Diffamazione: solo se la vittima è identificabile
La Cassazione parla chiaro: la persona offesa deve essere individuata o individuabile
La Suprema Corte di Cassazione, con la recente pronuncia del 26 novembre 2019, torna sul tema della diffamazione di cui all’art. 595 c.p., ribadendo, in piena continuità con i precedenti arresti, un importante principio di diritto: il delitto di diffamazione è configurabile solamente in ipotesi di un’offesa alla reputazione di una persona ben determinata e, per l’effetto, non può, quindi ritenersi sussistente nel caso in cui vengano pronunciate oppure scritte espressioni offensive riferite a soggetti non individuati, né individuabili (Sez. 5, n. 3809 del 28/11/2017 – dep. 2018, P.O. in proc. Ranieri, Rv. 272320, N. 51096 del 2014 Rv. 261422, N. 24065 del 2016 Rv. 266861), ovvero a categorie di persone, seppur limitate (Sez. 5, n. 29046 del 22/07/2019, Borghezio; Sez. 5, n. 24065 del 23/02/2016, P.O. in proc. Toscani, Rv. 266861 N. 10307 del 1993, N. 51096 del 2014 Rv. 261422).
I fatti al vaglio degli Ermellini, riguardano la pubblicazione, sul sito (OMISSIS) e nel forum “(OMISSIS)”, di un commento, reso a margine dell’analisi degli assetti della maggioranza comunale, del seguente tenore “…tre consiglieri di maggioranza se ne sono andati, un altro ha pestato i piedi affinchè potesse ottenere una carica di prestigio ed un altro ancora è stato, come si fa nel fantacalcio, acquistato dalla minoranza a suon di milioni”.
Precisa la Suprema Corte che, qualora trattasi di propalazione nei confronti di persone innominate, la valutazione di determinabilità soggettiva, non può risolversi in riferimento alla considerazione soggettiva di taluno, che si riconosca come destinatario dell’offesa, in virtù di un’immedesimazione fondata meramente su collegamenti fattuali che non rispondono ad un’oggettiva cifra di riconoscibilità.

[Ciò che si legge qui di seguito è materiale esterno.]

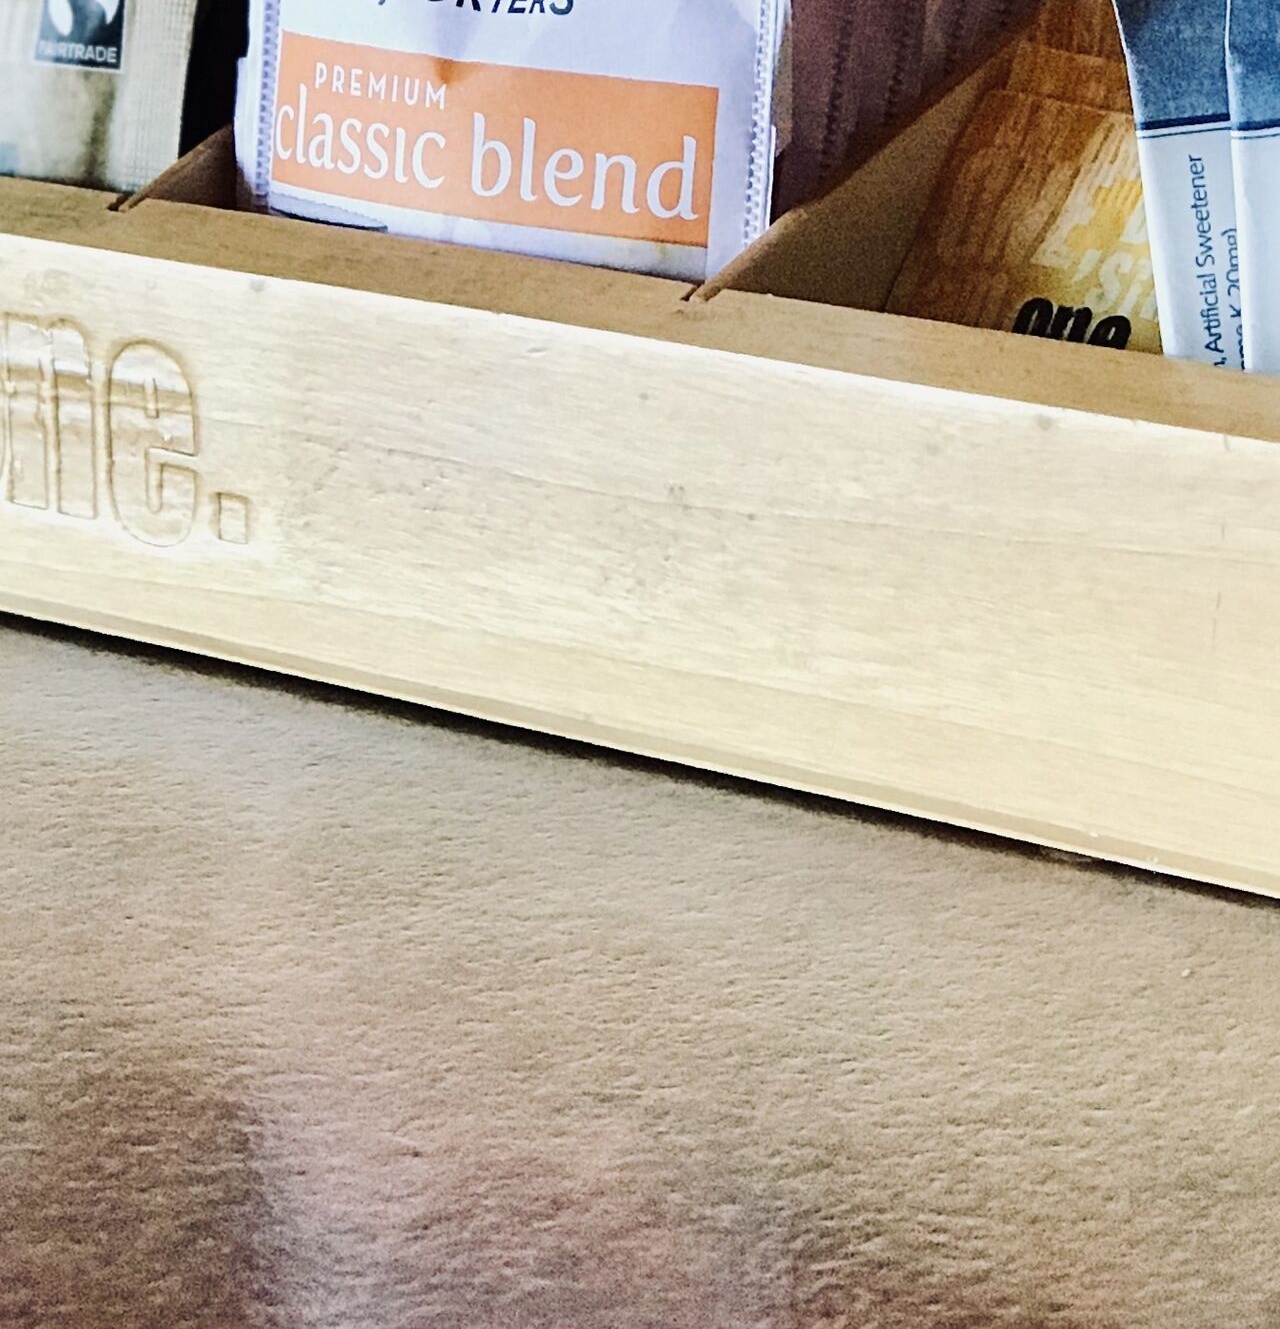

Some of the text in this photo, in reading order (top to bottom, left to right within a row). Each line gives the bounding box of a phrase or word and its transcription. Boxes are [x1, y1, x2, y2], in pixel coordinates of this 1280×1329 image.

[313, 61, 448, 111] PREMIUM
[273, 82, 701, 222] classic blend
[1188, 154, 1215, 268] Sweetener
[1196, 271, 1222, 355] Artificial
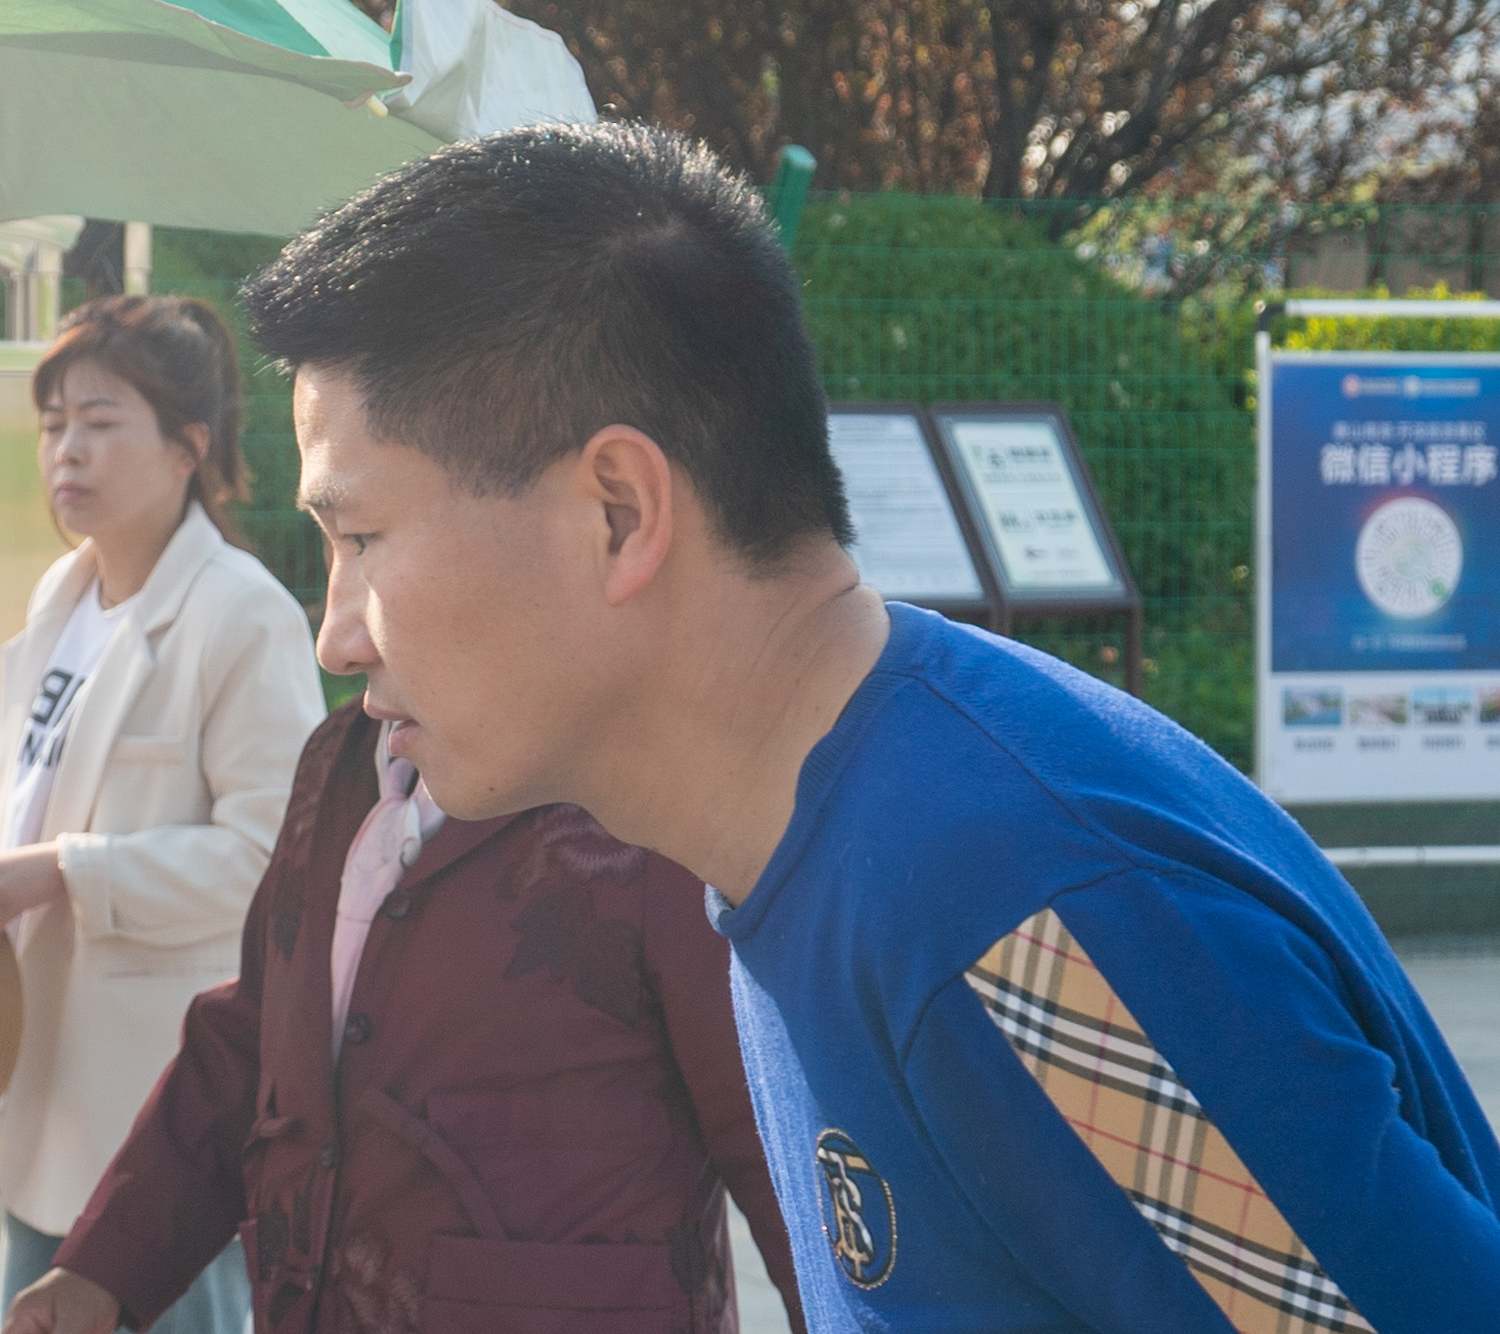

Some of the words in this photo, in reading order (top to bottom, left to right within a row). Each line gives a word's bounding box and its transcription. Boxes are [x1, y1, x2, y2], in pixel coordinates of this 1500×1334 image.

In altre parole, in punto di concreta offensività del delitto in parola, è necessaria l’univoca riconducibilità dei fatti ad una persona determinata, oggettivamente riconoscibile nella sua identità, da parte di un numero indistinto di persone, alle quali l’informazione è diretta oppure è accessibile, alla stregua di una valutazione dei fatti e delle dichiarazioni svolta con giudizio ex ante ed in concreto, alla luce delle circostanze di contesto già notorie nell’ambiente di riferimento ed attraverso le quali è possibile, con elevato grado di certezza, l’inequivoca identificazione del destinatario in riferimento al contesto in cui si inserisce.
Tuttavia, il principio appena sopra richiamato, non è affatto nuovo per la Cassazione, che, nella sua più autorevole composizione, (Cass. civ., Sezioni Unite, 13/6/2019, n. 15897), si riferisce, anche con riguardo ad espressioni “in incertam personam“, rese in occasione di interventi a forum di discussione su un blog internet (Sez. Un. Civ. n. 6965 del 17/03/2017, F. contro R., Rv. 643285), mettendo in risalto l’ impossibilità di ricondurre tali espressioni al reato di diffamazione in ragione dell’inesistenza di un destinatario identificato o identificabile, quando a siffatta identificazione non si pervenga attraverso tutti gli elementi della fattispecie concreta (quali a titolo meramente esemplificativo le circostanze narrate, oggettive e soggettive, i riferimenti personali e temporali e simili), desumibili anche da fonti informative di pubblico dominio al momento della diffusione della notizia offensiva, diverse da quella della cui illeicità si tratta, se la situazione di fatto sia tale da consentire al pubblico di riconoscere con ragionevole certezza la persona cui la notizia è riferita (Sez. 3 Civ. n. 17207 del 27/08/2015 S. contro D., Rv. 636845).
Alla luce delle considerazioni di cui sopra, nel caso in commento, la sentenza di condanna veniva annullata, senza rinvio, con la formula “perché il fatto non sussiste”.